Ülkenin doğal kaynaklarını hortumlayan bir grup, her gün İstanbul Unkapanı Köprüsü üzerinde eylem yapıyor. Ellerindeki uzun sopalarla yetinmeyip, bir de ucuna iğne takarak, herkesin gözü önünde masum canlıların hayatına kast ediyorlar.
Üstelik bu kaçakların tek faaliyet yeri de bu değil. İstanbul’un Sarayburnu, Galata Köprüsü gibi muhtelif yerlerinde ve Türkiye’nin çeşitli noktalarında her gün kamunun malını bireyselleştiriyorlar. Çok fena işler yapıyorlar.

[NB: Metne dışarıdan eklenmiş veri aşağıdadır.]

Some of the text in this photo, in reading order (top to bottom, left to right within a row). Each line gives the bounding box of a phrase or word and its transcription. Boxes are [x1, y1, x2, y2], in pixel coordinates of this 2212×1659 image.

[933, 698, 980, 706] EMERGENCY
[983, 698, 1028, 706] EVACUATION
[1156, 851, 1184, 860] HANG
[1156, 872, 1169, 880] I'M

Hazine’nin buradan binlerce lira, belki de toplamda baktığınızda milyona varan kayıpları söz konusu… Ellerindeki sopaların ucundaki iğnelerle can alıyorlar. Bununla da kalmayıp, tüm gün yaptıkları faaliyetin sonucu olarak, topladıkları maktulleri, evlerine götürüp yiyorlar.
Sadece Unkapanı üzerinde saydıklarım yaklaşık 50 kişiydi. Yaptıkları vahşeti bir kenara koyarsak, maddi bakımdan sadece bu lokasyondan devletin 10 bin TL zararı var. Neyse ki bu eylem yetkililerimizce de fark edildi ve gerekli düzenlemeler için düğmeye basıldı.

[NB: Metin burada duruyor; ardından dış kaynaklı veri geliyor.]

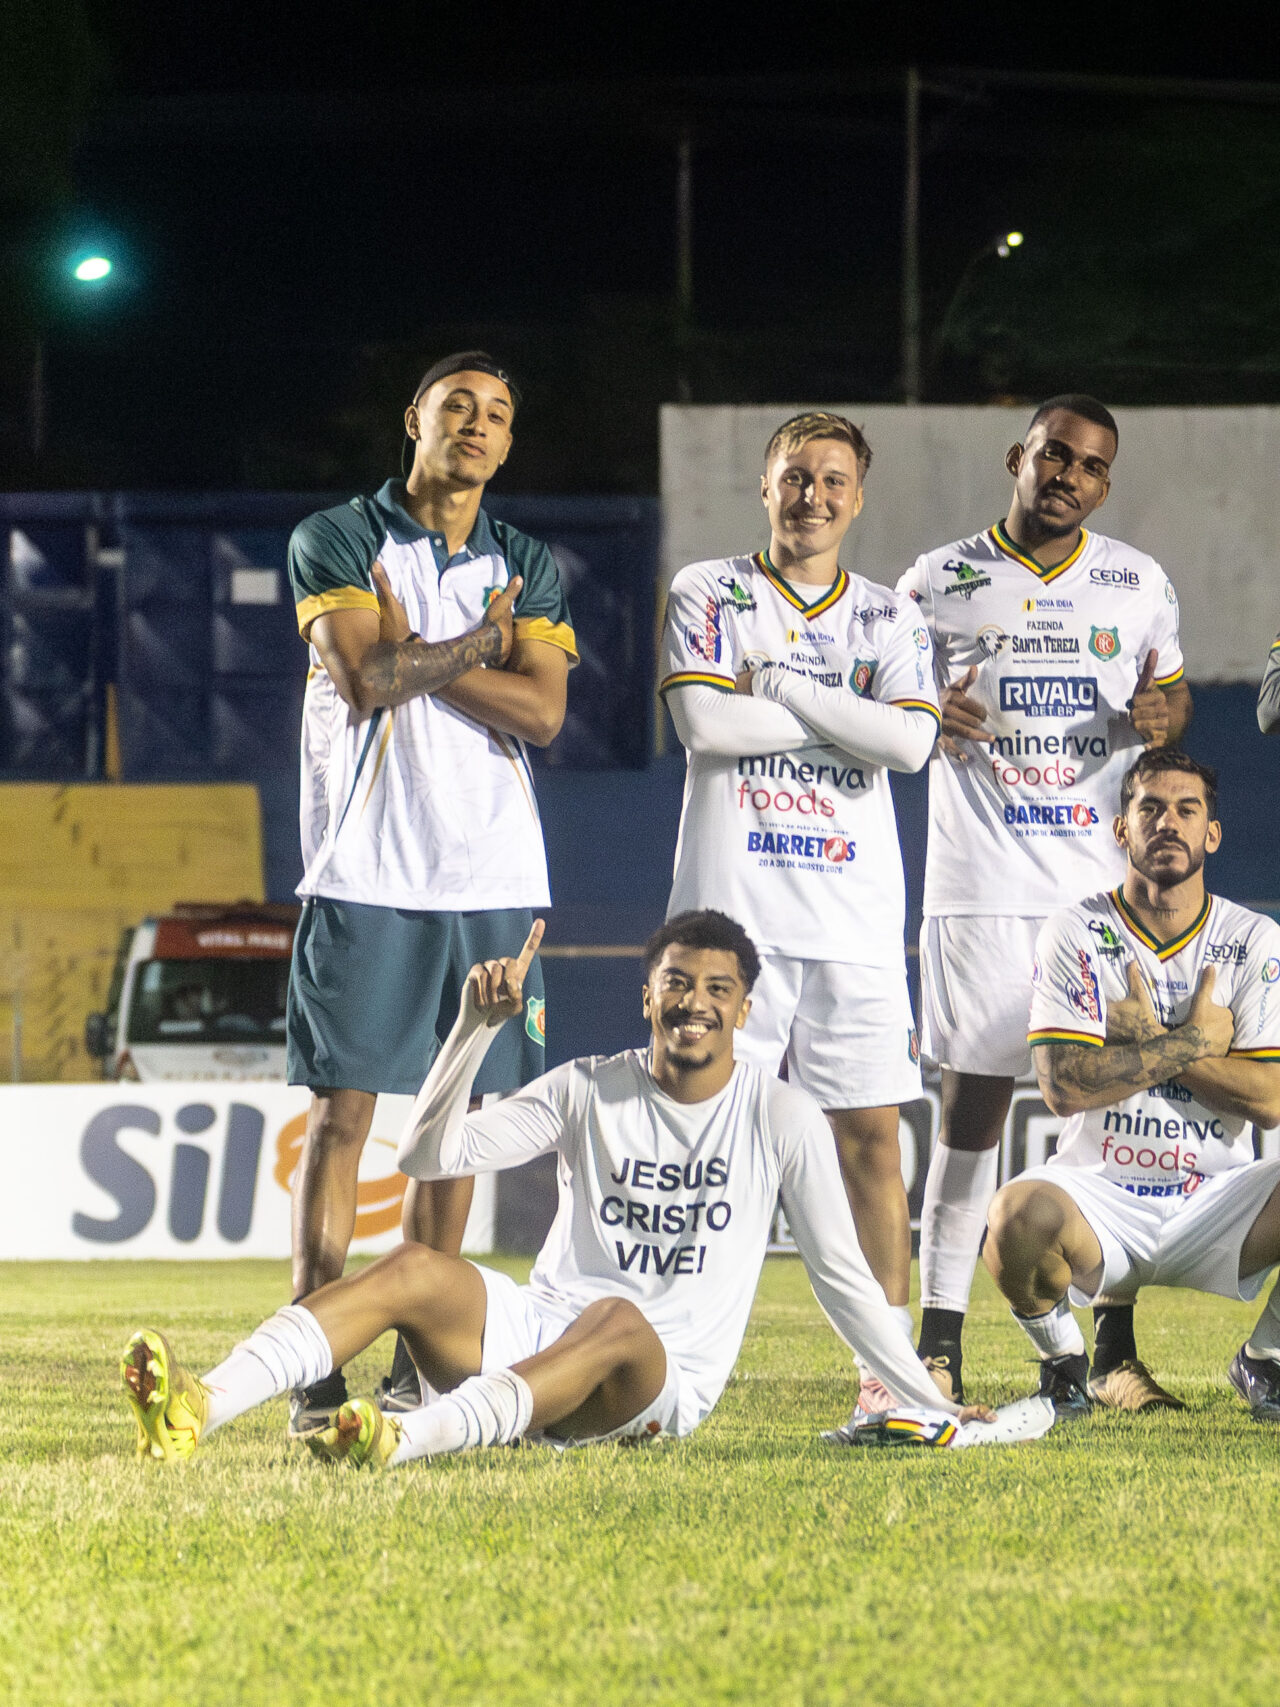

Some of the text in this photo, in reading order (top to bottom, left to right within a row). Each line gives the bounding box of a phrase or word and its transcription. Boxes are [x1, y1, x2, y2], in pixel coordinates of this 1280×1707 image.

[1036, 599, 1055, 608] NOVA
[1026, 621, 1064, 631] FAZENDA
[1012, 634, 1080, 654] SANTA TEREZA
[1005, 682, 1095, 706] RIVALO
[989, 729, 1108, 757] minerva
[738, 754, 867, 790] minerva
[992, 759, 1076, 786] foods
[737, 780, 836, 817] foods
[1004, 803, 1100, 828] BARRETOS
[747, 831, 856, 862] BARRETOS
[1101, 1135, 1198, 1172] foods
[610, 1157, 728, 1192] JESUS
[599, 1195, 732, 1235] CRISTO
[614, 1240, 707, 1276] VIVE!

Tarımı da, hayvanı da ithal etmek yoluyla ülke insanına hizmet sunan Tarım ve Hayvancılık Bakanlığı, hazırladığı ‘Su Ürünleri Kanun Tasarısı’ ile meseleyi kontrol altına alıyor. Haberlerde görmüşsünüzdür. Artık izinle balık tutulacak, izin almayan 200 TL ceza ödeyecek.
Bu uyarıya ve hazırlanan tasarıya rağmen eylemlerinden vazgeçmeyen bu insanlar, ısrarla deniz ya da göl kenarlarında hunharca balık avlıyorlar. Akıllanmayacaklar belli... Bence tasarıya bir de hapis cezası yaptırımı konulmalı…

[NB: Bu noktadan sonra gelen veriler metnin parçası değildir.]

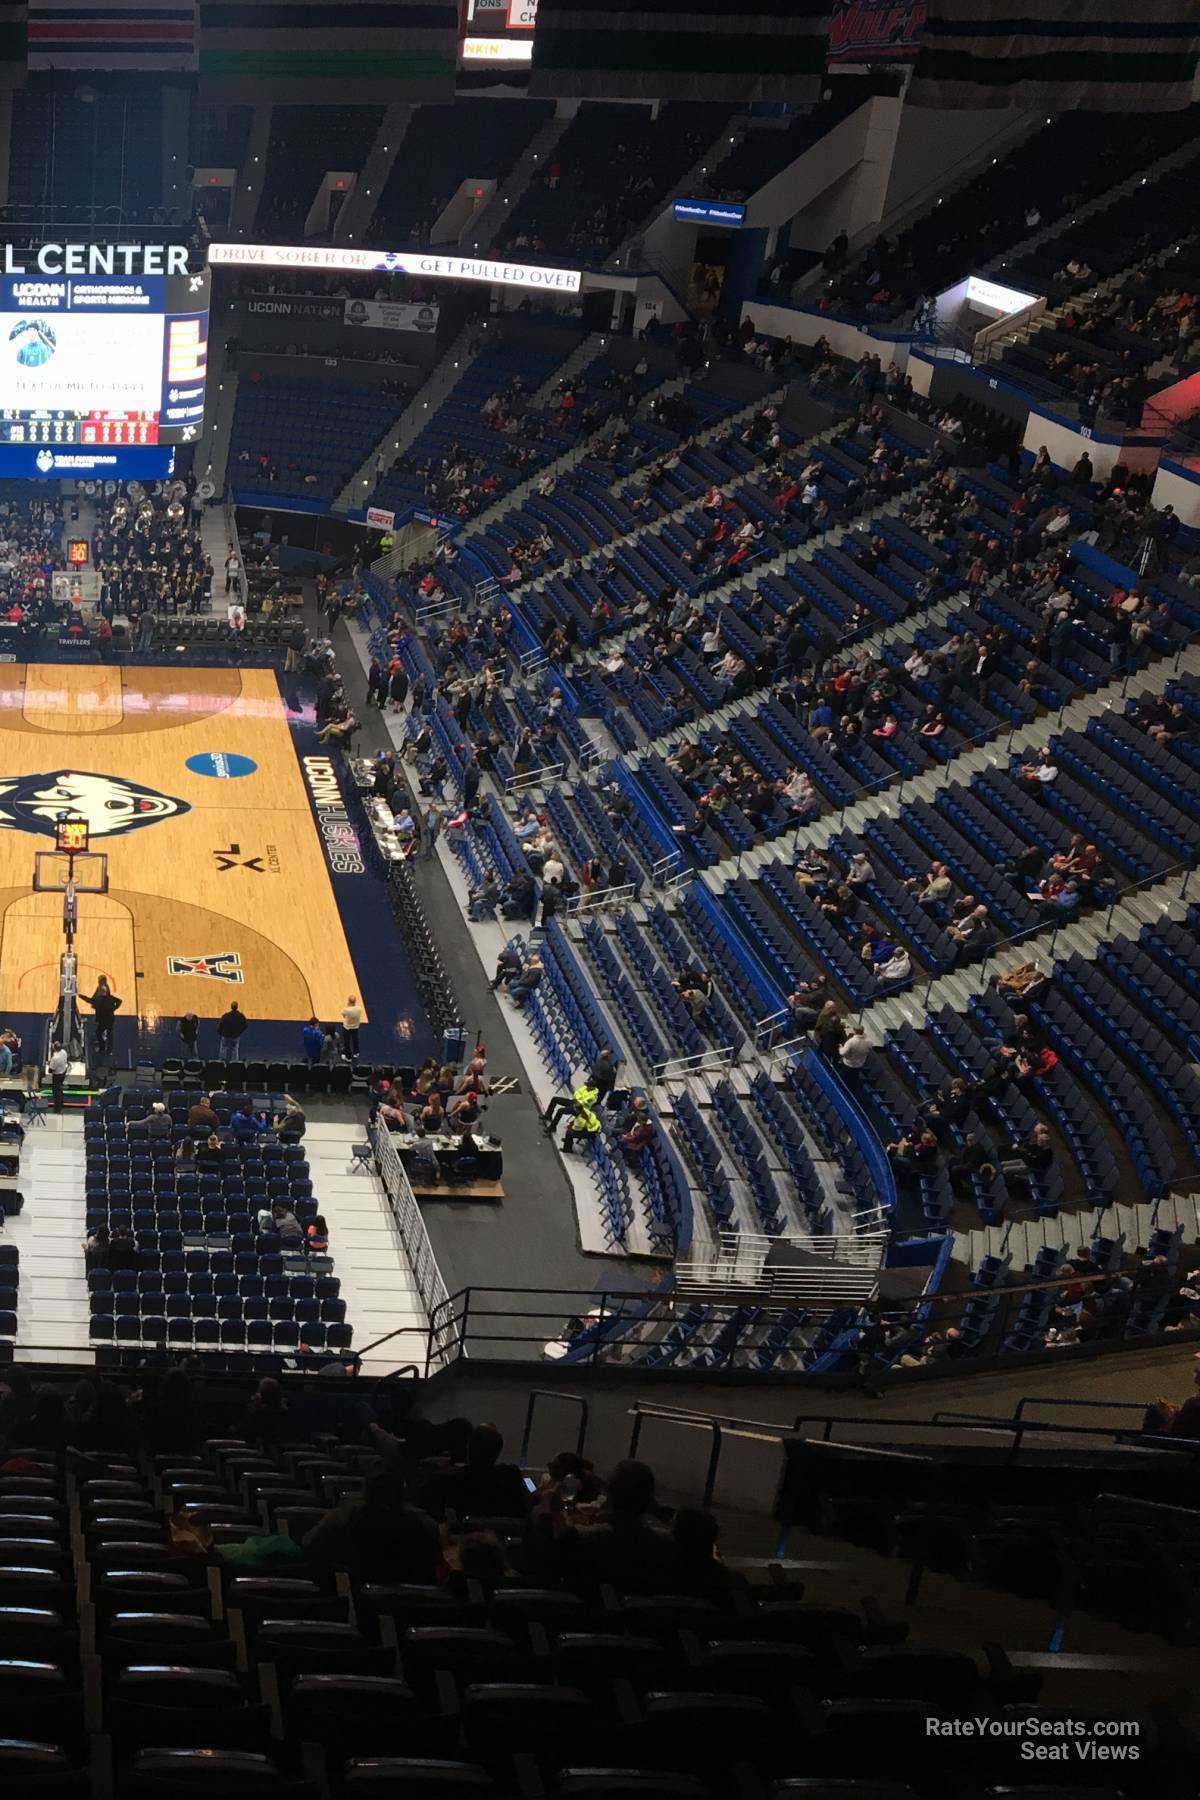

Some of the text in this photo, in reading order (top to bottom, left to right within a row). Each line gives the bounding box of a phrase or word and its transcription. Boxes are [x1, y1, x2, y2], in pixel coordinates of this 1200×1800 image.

[36, 243, 190, 275] CENTER
[215, 247, 578, 288] DRIVE SOBER OR GET PULLED OVER
[13, 283, 65, 297] UCONN
[18, 296, 59, 306] HEALTH
[73, 295, 107, 305] SPORTS
[248, 302, 291, 313] UCONN
[303, 755, 365, 874] UCONN HUSKIES

Düşünsenize işsiz Ahmet akşam eve geliyor. Çocukları sevinçle kapıya koşuyor. Eşi gözlerinin içine bakıyor. Acaba bugün ne yiyeceğiz? İstavrit, hamsi ya da ne? Ahmet boynunu büküyor ve önce ‘yine iş bulmadım’ dedikten sonra boş ellerini gösteriyor. Ve anlatıyor:
‘İzin alamadım’ diyerek söze başlıyor. “Bugün Bakanlık’a gittim, akşam eve getireceğim balıkları avlamak için izin isteyecektim. Başta öğle tatiline denk geldiğimi söylediler. Bekledim… Mesai başlayınca balık tutmak istediğimi belirterek izin istedim. ‘Daha önce avladınız mı’ diye sordular. Olumlu yanıt verince geriye dönük ceza uyguladılar, yeni ruhsat için de para istediler.
Evet hanım bu akşam balık tutarak eve gelemedim. Ama cebidelik bütçemize yüklüce bir ceza ile döndüm. Yarın akşam sofraya bir şey getirmemi istiyorsan, şu annenden kalan yadigârı satalım da ruhsat alayım.”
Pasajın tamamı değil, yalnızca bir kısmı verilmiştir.